Andare indietro nel tempo, calarsi nel clima politico e sociale di tanti anni fa, è sempre difficile. Proviamo però ad inquadrare la situazione. Siamo nel 1968, sono passati solo cinque anni dall’omicidio, a Dallas, del presidente John F. Kennedy e dall’uccisione, da parte di Jack Ruby, del suo presunto assassino Lee Harvey Oswald proprio mentre era in manette e circondato da poliziotti, davanti alla centrale di polizia dalla quale doveva essere trasferito in carcere. Un episodio che aveva sollevato sospetti e accuse sulle forze di polizia.
Quindi siamo di fronte a un’azione cautelativa da parte dei poliziotti? Una volontà di documentare il loro corretto operato?
Si può dire che gli inquirenti erano terrorizzati delle conseguenze che potevano scaturire da un assassinio di enorme rilevanza politica e sociale come quello del leader pacifista dei negri americani. Ricordiamoci, era il 1968, con i ghetti neri americani che, dopo l’assassinio di King, letteralmente bruciavano. La situazione era delicatissima, la preoccupazione di poliziotti, giudici, politici era che l’eventuale morte di Ray o altri episodi legati al caso potessero alimentare, all’interno della comunità afroamericana, l’idea del complotto e, quindi, ulteriori e più gravi incidenti oltre a quelli in corso.
L’idea del complotto comunque venne a galla: l’opinione pubblica si divise subito tra chi propendeva a considerare James Earl Ray un pazzo isolato e chi invece vedeva la presenza di un mandante…
Tutti gli assassinii politici si portano dietro un alone di complotto, generano un’infinità di supposizioni inevitabili: l’assassinio ha agito da solo, non ha agito da solo, era protetto dai servizi segreti nazionali, era al soldo di agenzie internazionali, chi ne trae vantaggio… È così sempre, basti pensare al ferimento di Giovanni Paolo II, all’assassinio di Aldo Moro, a quello di Olof Palme… tutti si portano dietro un alone di mistero e non fa eccezione neanche l’omicidio di Martin Luther King.
Cosa sarebbe successo se Martin Luther King non fosse stato ucciso?

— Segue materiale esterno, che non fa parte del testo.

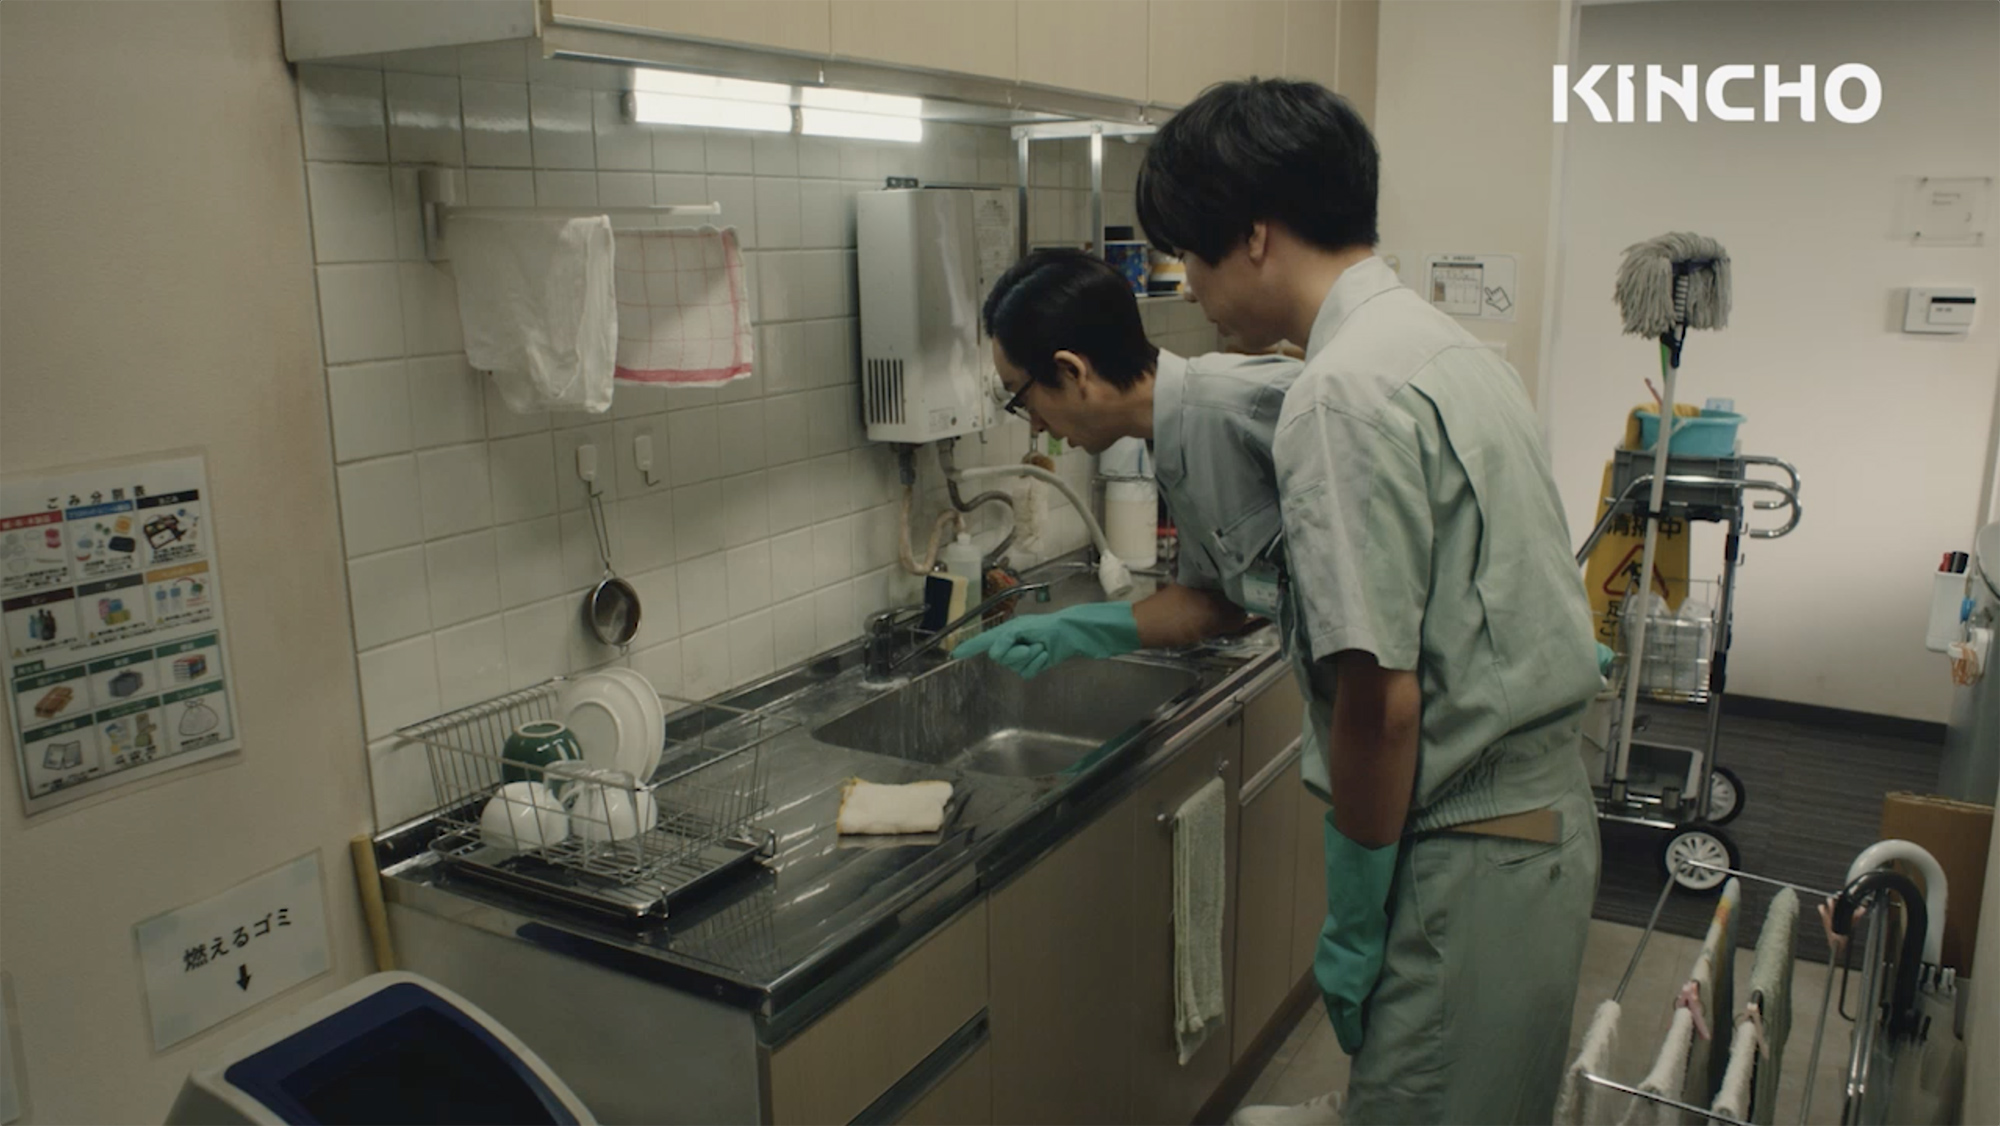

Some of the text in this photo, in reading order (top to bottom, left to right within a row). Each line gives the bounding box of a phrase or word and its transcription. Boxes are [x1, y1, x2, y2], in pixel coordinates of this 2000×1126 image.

[47, 485, 146, 510] ごみ分別表
[183, 908, 292, 972] 燃えるゴミ
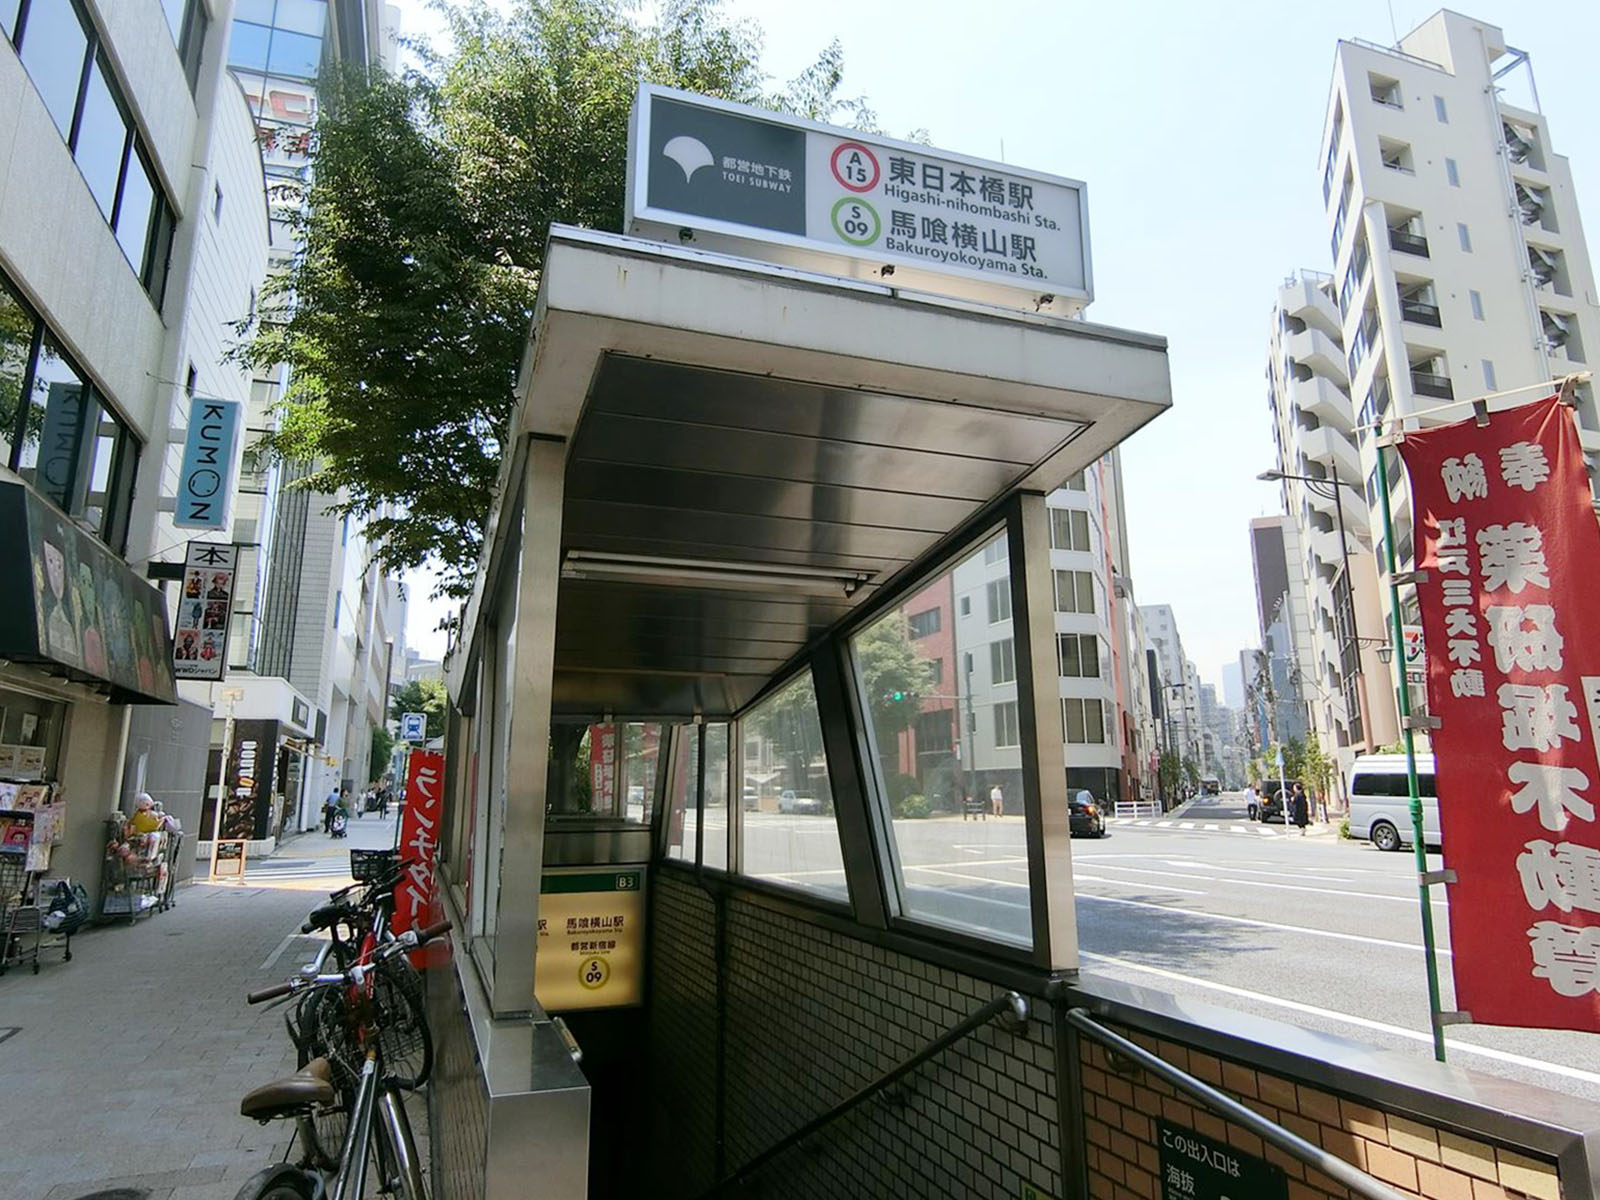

Erano anni difficili, estremamente violenti. Gli anni del Vietnam, della contestazione, dell’apartheid… Con la sua strategia della non violenza Martin Luther King aveva emancipato gli afroamericani, e l’assegnazione del premio Nobel per la Pace gli aveva dato ulteriore prestigio. Ma il leader pacifista, in quel 1968, era anche frustato perché non vedeva validi interlocutori a Washington, si sentiva abbandonato e quindi la sua posizione politica si stava radicalizzando. D’altra parte però, la sua azione aveva avuto influenza sui leader più radicali del movimento nero, che si stavano avvicinando alle sue posizioni. Questa convergenza stava creando una nuova leadership afroamericana. L’assassinio di King interruppe drammaticamente questo percorso. Aveva solo 39 anni: la sua morte precoce, come quella – anni dopo – di Rabin in Israele, ha privato gli Stati Uniti di un interlocutore che sarebbe stato estremamente utile all’America nei decenni successivi.